I am against this movement. For one, I think our military should allow women to serve in combat arms units. I mean, I know women who could kick the butts of nine out of 10 men. With that being said, I understand the fears of the American public. It’s not exactly easy to stomach a mother or daughter being killed in combat. But I am here to tell you that women bring balance and a sense feminine compassion to our ranks.
What’s more is women are absolutely vital to our missions in Muslim countries. It’s considered an insult for a man to search a woman. Therefore, when we conduct raids or random searches, a woman must search a woman. If a man searches a woman, it could cause animosity and cause problems in the particular community.

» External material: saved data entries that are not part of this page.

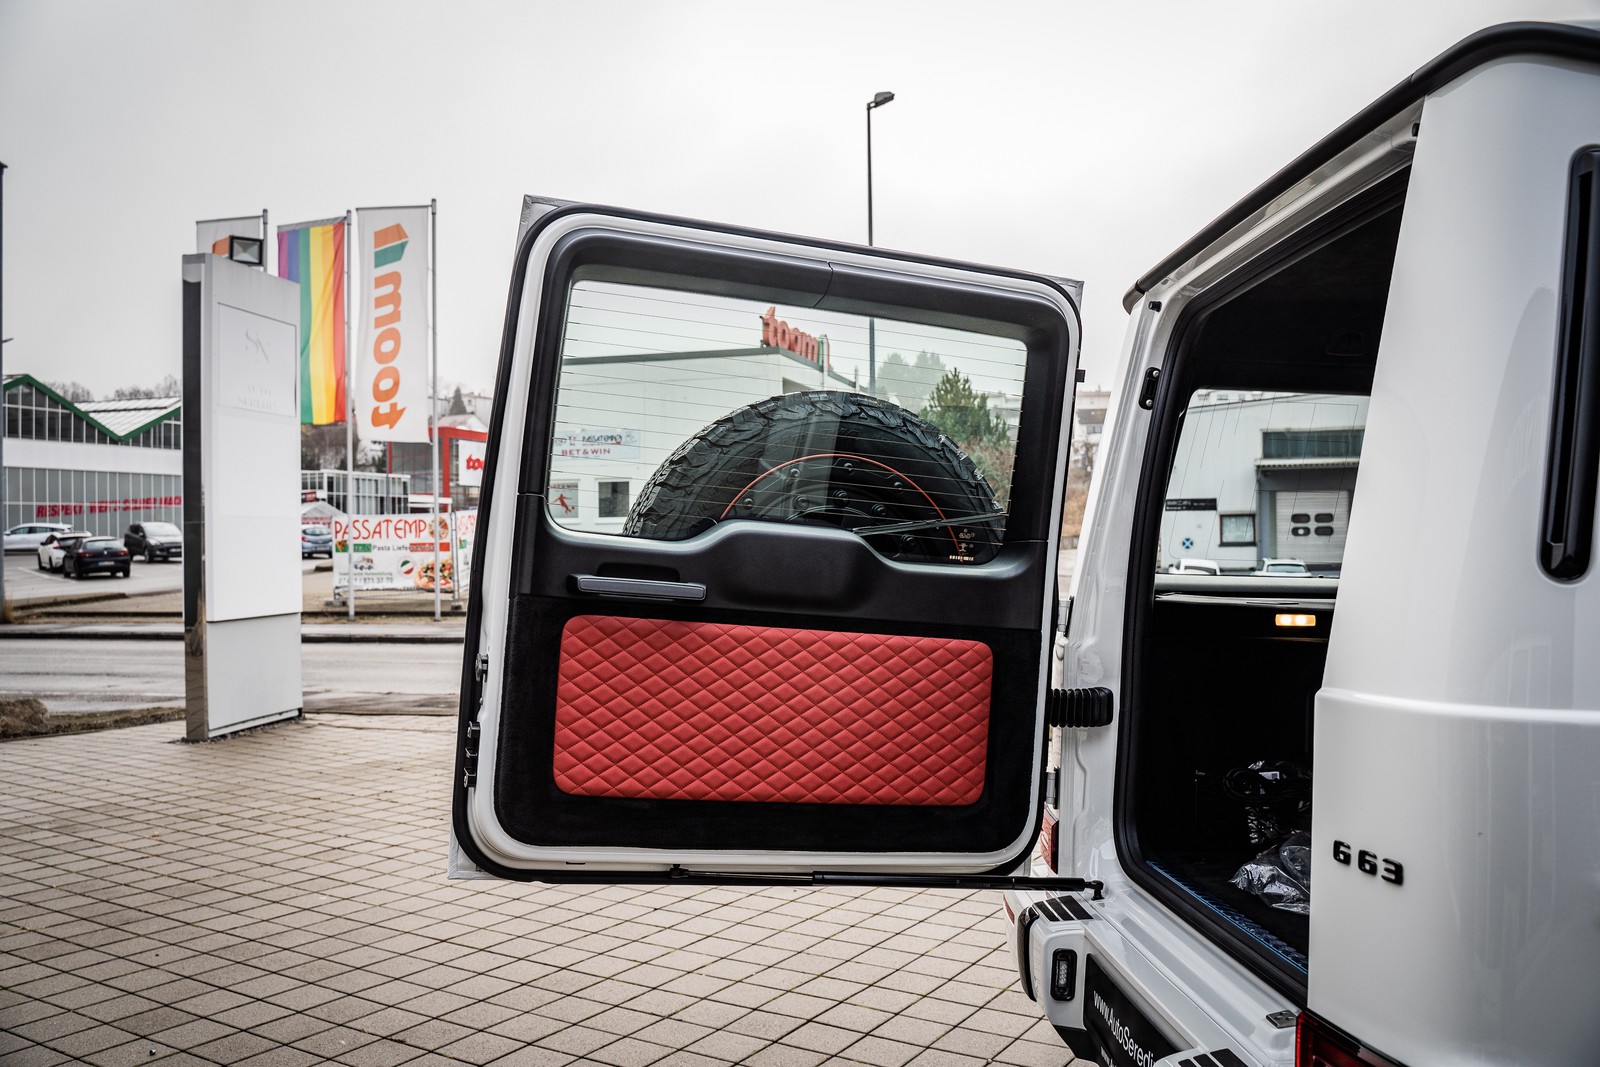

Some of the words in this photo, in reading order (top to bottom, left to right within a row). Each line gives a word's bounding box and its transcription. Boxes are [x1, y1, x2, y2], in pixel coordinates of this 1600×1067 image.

[371, 271, 407, 429] toom
[762, 306, 819, 364] toom
[1094, 991, 1156, 1067] www.AutoSeredi
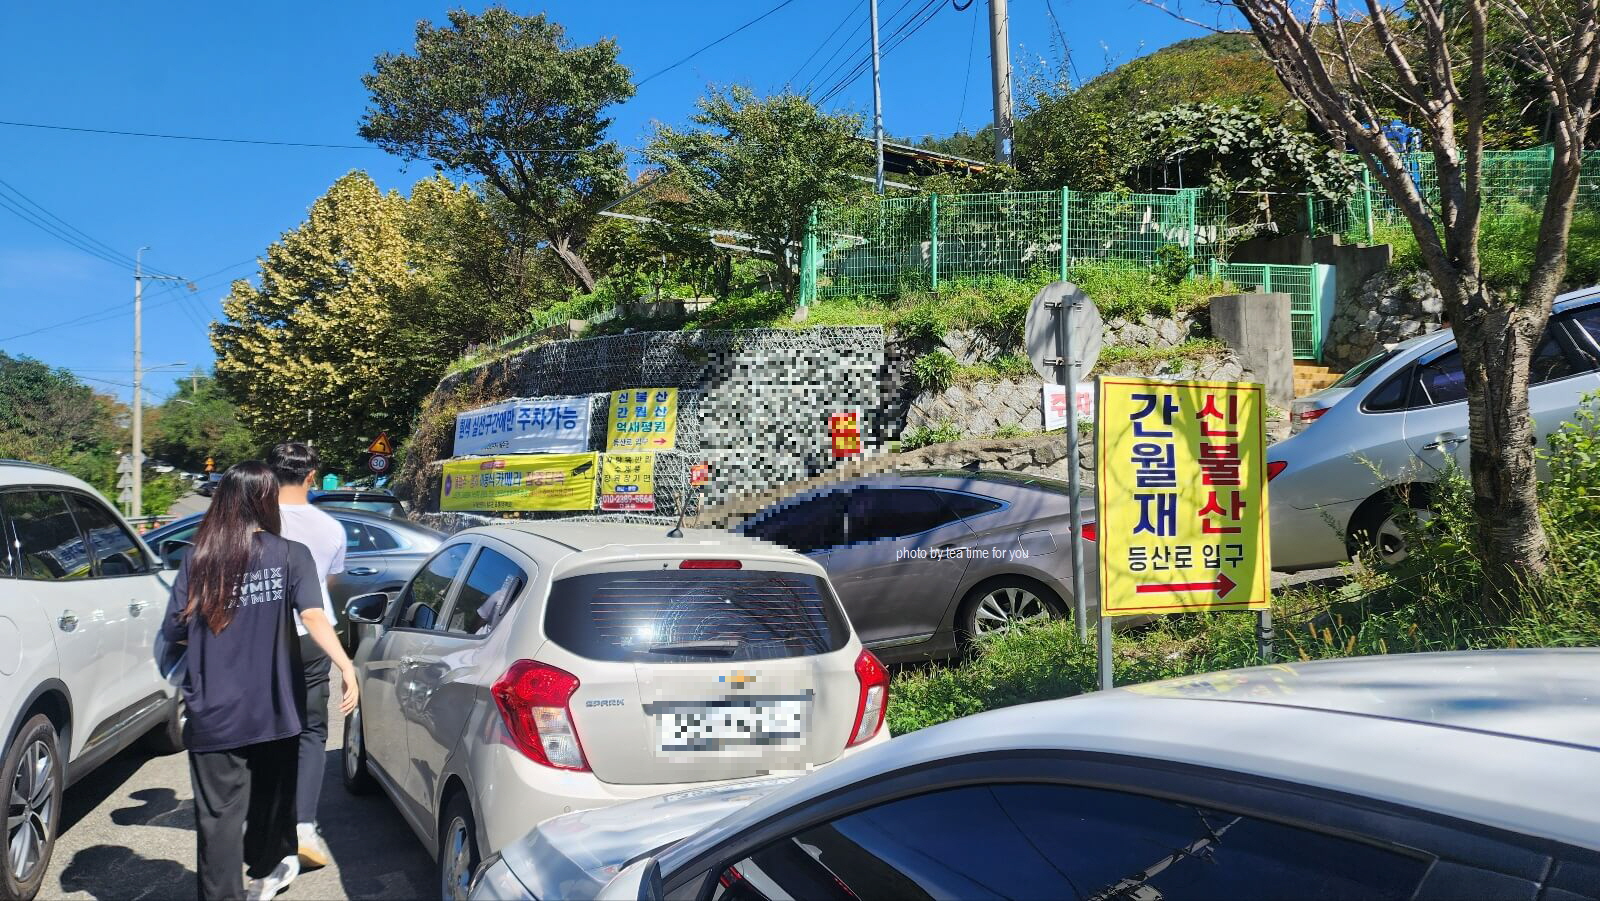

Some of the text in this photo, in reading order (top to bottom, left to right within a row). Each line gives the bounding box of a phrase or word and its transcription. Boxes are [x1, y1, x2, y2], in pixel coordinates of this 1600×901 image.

[516, 406, 578, 431] 주차가능
[616, 421, 666, 433] 억새평원
[372, 458, 385, 468] 30
[1129, 393, 1179, 537] 간월재
[1195, 394, 1246, 534] 신불산
[1128, 544, 1244, 572] 등산로 입구
[585, 698, 625, 707] SPARK
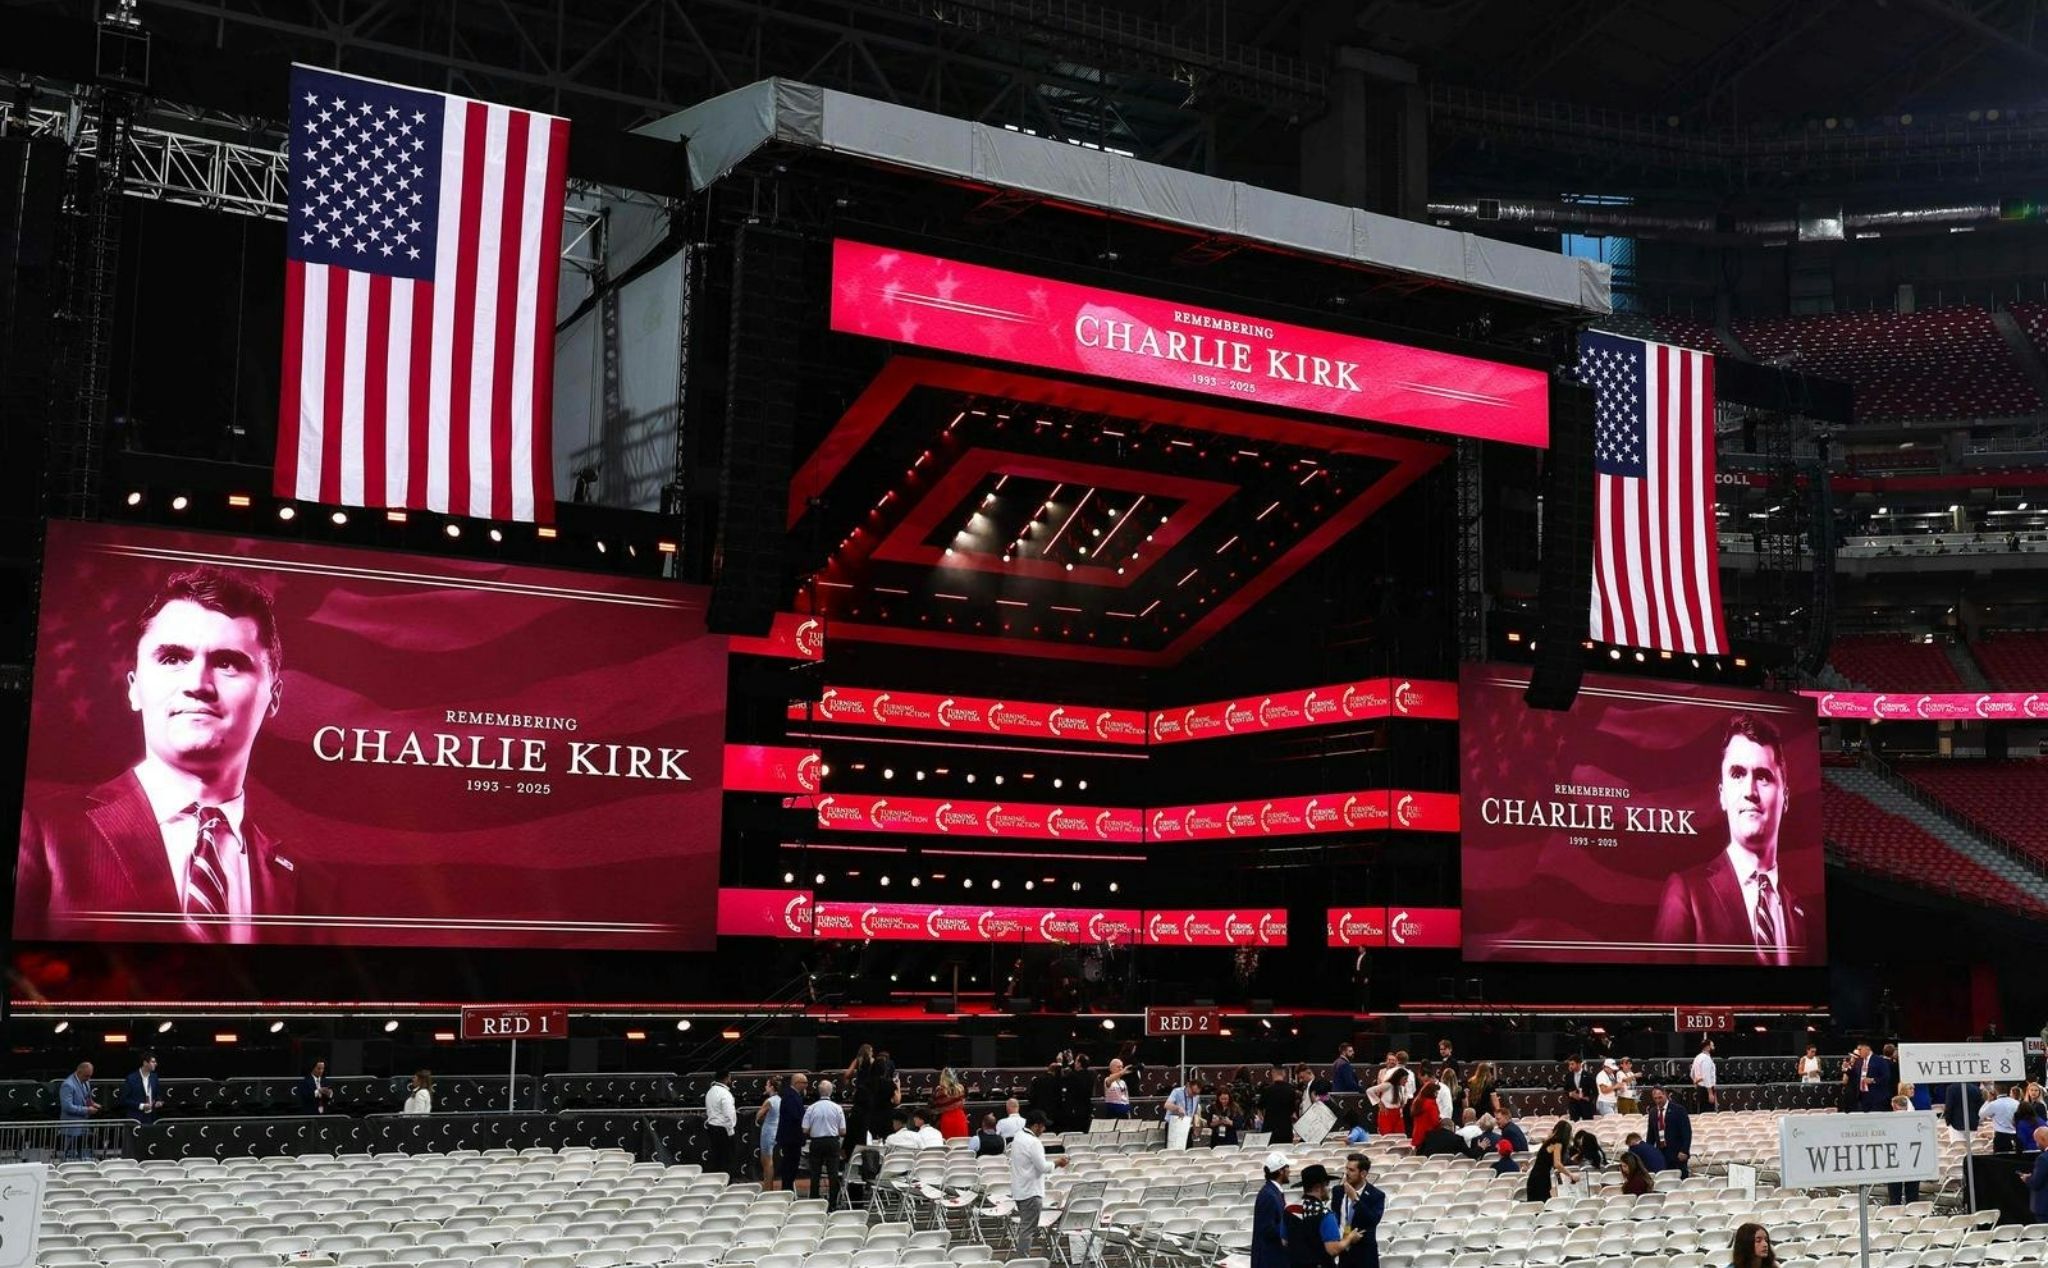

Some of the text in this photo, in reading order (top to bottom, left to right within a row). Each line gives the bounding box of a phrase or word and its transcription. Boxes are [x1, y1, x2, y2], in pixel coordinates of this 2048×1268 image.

[1174, 311, 1274, 340] REMEMBERING
[1075, 315, 1362, 392] CHARLIE KIRK
[1192, 374, 1217, 387] 1993
[1230, 380, 1256, 393] 2025
[445, 710, 578, 731] REMEMBERING
[313, 725, 692, 781] CHARLIE KIRK
[467, 779, 499, 792] 1993
[517, 783, 551, 795] 2025
[1555, 784, 1630, 799] REMEMBERING
[1481, 798, 1698, 835] CHARLIE KIRK
[1569, 836, 1588, 846] 1993
[1598, 838, 1618, 847] 2025
[482, 1016, 549, 1034] RED 1
[1160, 1016, 1208, 1031] RED 2
[1687, 1015, 1725, 1028] RED 3
[1917, 1058, 2011, 1076] WHITE 8
[1805, 1141, 1922, 1174] WHITE 7
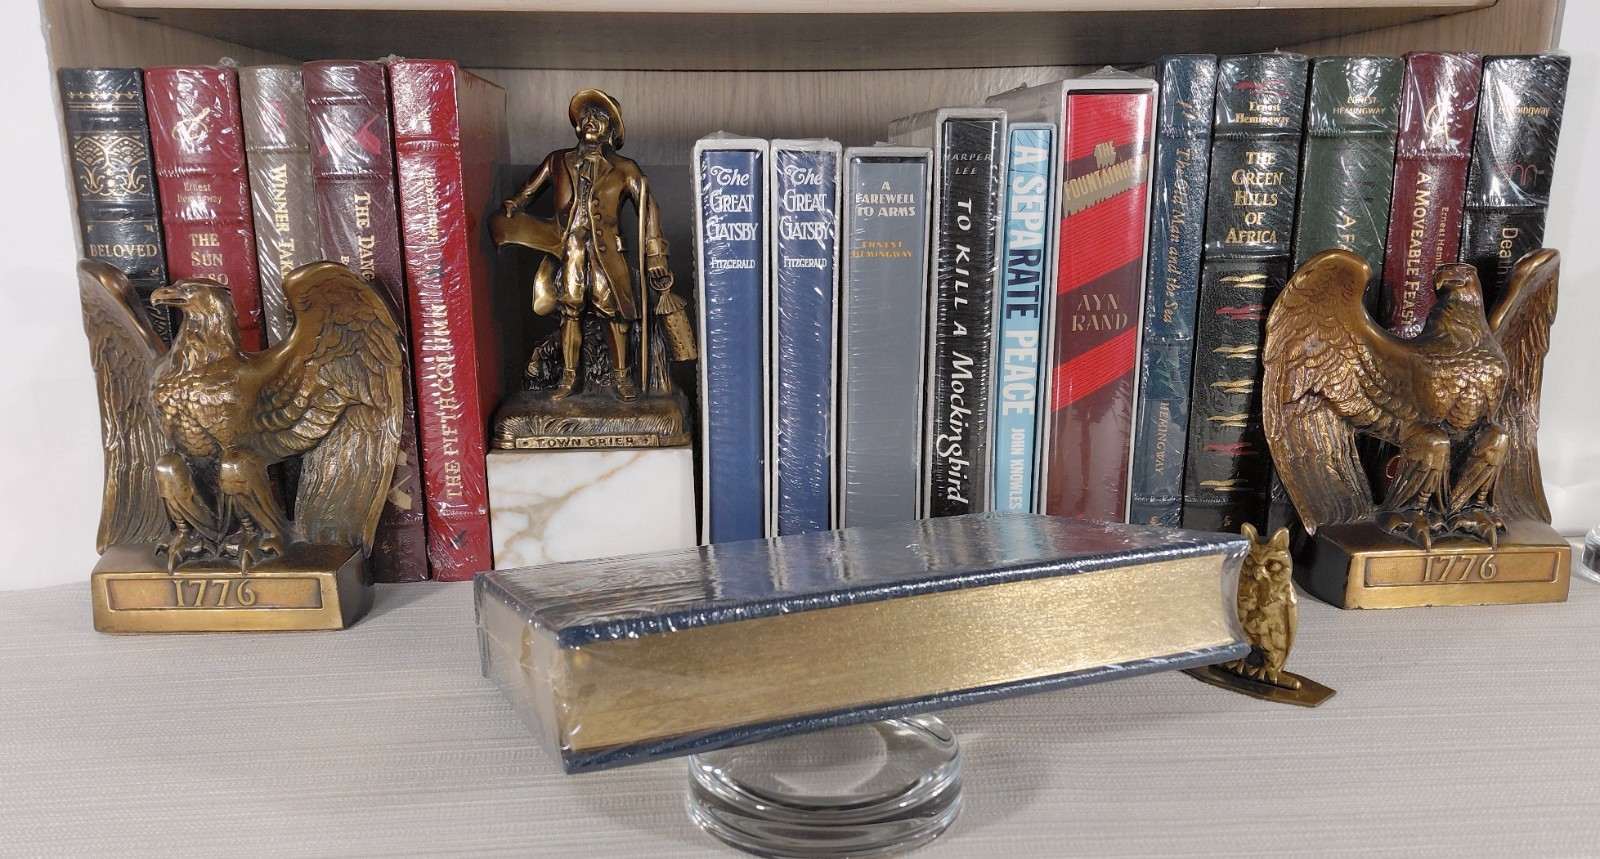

Speaking from my own experiences, I have seen female soldiers accomplish great feats and I know my unit would not have been successful if it were not for females. I had one soldier who was tough as nails when she was on a mission. She captured combat through the lens of her camera and experienced more combat than 80 percent of the combat arms soldiers. Time and time again, the leadership from other units told me that they had never worked with a female before. But after working with her, they realized female soldiers are soldiers too, and that she was just as good, if not better, than any soldier they had worked with.
See, there is no problem with the performance of females in combat. They react the same as males when somebody shoots at them. The real problem is much deeper and I don’t think the military has or ever will fully address the issue. As you can imagine, women receive a lot of attention from male soldiers. On our camp, there were maybe 30 females mixed in with hundreds of males. You do the math and think about all the possible scenarios.
Most female soldiers will encounter dozens of sexual harassment situations. And the majority of females suffering from PTSD were sexually harassed or worse, raped. While the Army does a good job of warning soldiers not to harass females, they do not do an adequate job prosecuting sexual predators in combat situations. I have a friend who was taken advantage of, and although she filed a report, nothing was ever done until she contacted a legislator six months after she returned from deployment.
The mindset of a lot of male soldiers is that women bring the situation on to themselves. While I believe that women need to take responsibility and be a “bitch” at times, there is no excuse for taking advantage of or saying something inappropriate to a woman. I was like a dad to my soldiers, always on the lookout for soldiers staring at them. On more than one occasion, I told a horny soldier to not stare at my females.
So, rather than banning women from potential combat MOS’s, we should look at the real problem. Women who want to serve their country should be able to. In my opinion, gays should be allowed in the military as well. I believe that anybody who wants to risk their life to preserve our country’s freedom should be honored. These issues shouldn’t be considered distractions. Rather, they should be looked at as diversity, which is always a good thing.